Sandy: You could say that. Like the RSA, the SSA held an annual exhibition, but unlike the RSA where the works of Academicians were automatically hung, members of the SSA had their works scrutinised by a democratically elected selection committee. That structure would ensure its own regeneration and prevent the accumulation of a reactionary hierarchy. Noble’s legacy as their first president was to oversee the birth of a new organisation – an artist’s co-operative if you like – that was much more youthful and progressive than the RSA and would exercise a real influence on the way Scottish art would develop in the 20th century.

Alan: But when I look at his work, there’s a conservatism, a patient attention to the detail of local realities, the inhabited landscapes and village communities he’s depicting. There’s a sense of affection that comes through in the warmth of the colours, and a sense of austerity and grandeur, in fact, that comes through in the scale of the skies and the whole context of the natural world. He presents these scenes with easeful accomplishment and a kind of painterly engagement that’s both exciting and reassuring. That’s an odd combination.

Sandy: He was certainly not a radical or a revolutionary. By all accounts, he was quiet and unassuming. One London critic said in 1895 that in his own painting he carefully avoided “the extravagance of the Glasgow young men.” His fellow-artists all describe him as broad-minded and tolerant of the various approaches to painting constantly coming to the fore. They praise him for his yeoman service to Scottish art.

Alan: So he himself might be described as an establishment figure?

Sandy: It’s not as simple as that. He was elected to the RSA almost as soon as he became president of the SSA. They wanted him on board, “inside the tent” and he remained loyal to both organisations and provided a valuable link between them. But that was when he was in his thirties.

Alan: So as a younger man he was more independently-minded?

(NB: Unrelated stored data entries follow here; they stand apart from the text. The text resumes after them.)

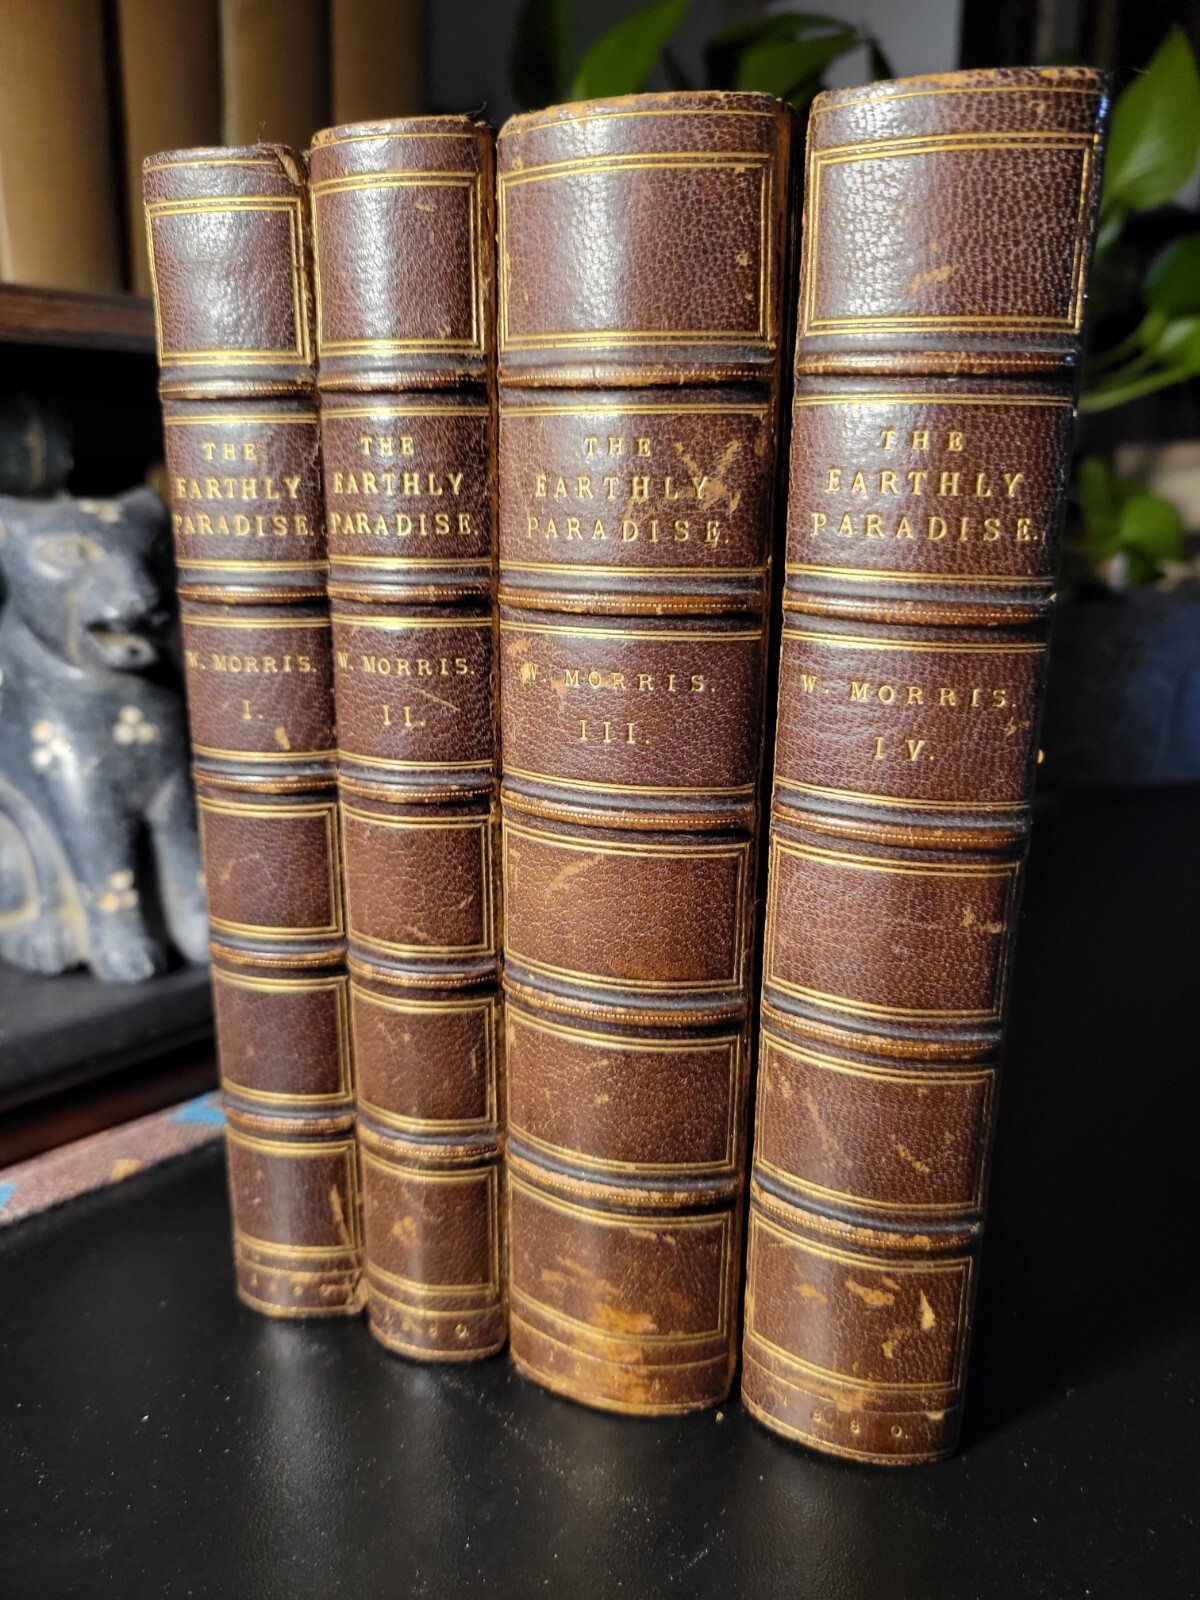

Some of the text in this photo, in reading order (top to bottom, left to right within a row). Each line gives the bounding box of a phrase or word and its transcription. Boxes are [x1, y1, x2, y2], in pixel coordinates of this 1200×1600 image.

[203, 441, 257, 461] THE
[360, 436, 414, 456] THE
[584, 437, 652, 457] THE
[881, 430, 964, 451] THE
[175, 476, 302, 500] EARTHLY
[333, 472, 463, 496] EARTHLY
[535, 474, 709, 500] EARTHLY
[825, 467, 1023, 497] EARTHLY
[172, 512, 315, 537] PARADISE.
[330, 511, 479, 536] PARADISE.
[527, 516, 730, 544] PARADISE.
[810, 512, 1038, 542] PARADISE.
[184, 650, 318, 673] W. MORRIS.
[337, 652, 475, 676] W. MORRIS.
[564, 668, 716, 692] MORRIS.
[801, 674, 1018, 708] W. MORRIS.

Sandy: In his twenties, he was part of a group of younger artists influenced by the Barbizon School, committed to painting landscape directly from nature. This was a method that academic dogma decreed unacceptable as the basis for a finished painting. It took time for the work of the plein air painters to be properly appreciated. That would only happen when it became recognised that the spontaneity and immediacy of their paintings enhanced the viewer’s sense of sharing the painter’s response to nature.

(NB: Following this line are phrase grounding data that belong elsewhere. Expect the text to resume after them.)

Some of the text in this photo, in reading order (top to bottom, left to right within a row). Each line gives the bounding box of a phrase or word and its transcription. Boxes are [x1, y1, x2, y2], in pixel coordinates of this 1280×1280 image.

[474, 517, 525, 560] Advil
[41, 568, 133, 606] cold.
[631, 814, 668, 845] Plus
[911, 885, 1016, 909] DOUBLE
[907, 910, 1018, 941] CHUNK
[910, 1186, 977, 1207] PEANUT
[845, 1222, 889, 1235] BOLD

Alan: That seems part of a wider European context.

Sandy: In 1874 the first independent Impressionist Exhibition took place in Paris, and the protest against the conservatism of the Academy led to the founding of the Salon des Independents in 1884. Scotland was ahead of the game with the launch of the SSA in 1892. Towards the end of the 19th century, the main European capitals saw groups of artists breaking away from the academies to set up new exhibiting societies. The Secession in Vienna was founded in 1897 with Gustav Klimt as their first President. This was where Charles Rennie Mackintosh and his wife, Margaret MacDonald would exhibit an entire room in 1900. The Secession in Berlin was a year later in 1898. The first shock waves of modern painting – Fauvism, Expressionism, Cubism and so on – were about to burst forth. The role of the Academy as a dominant authority laying down the law on aesthetic matters was now over.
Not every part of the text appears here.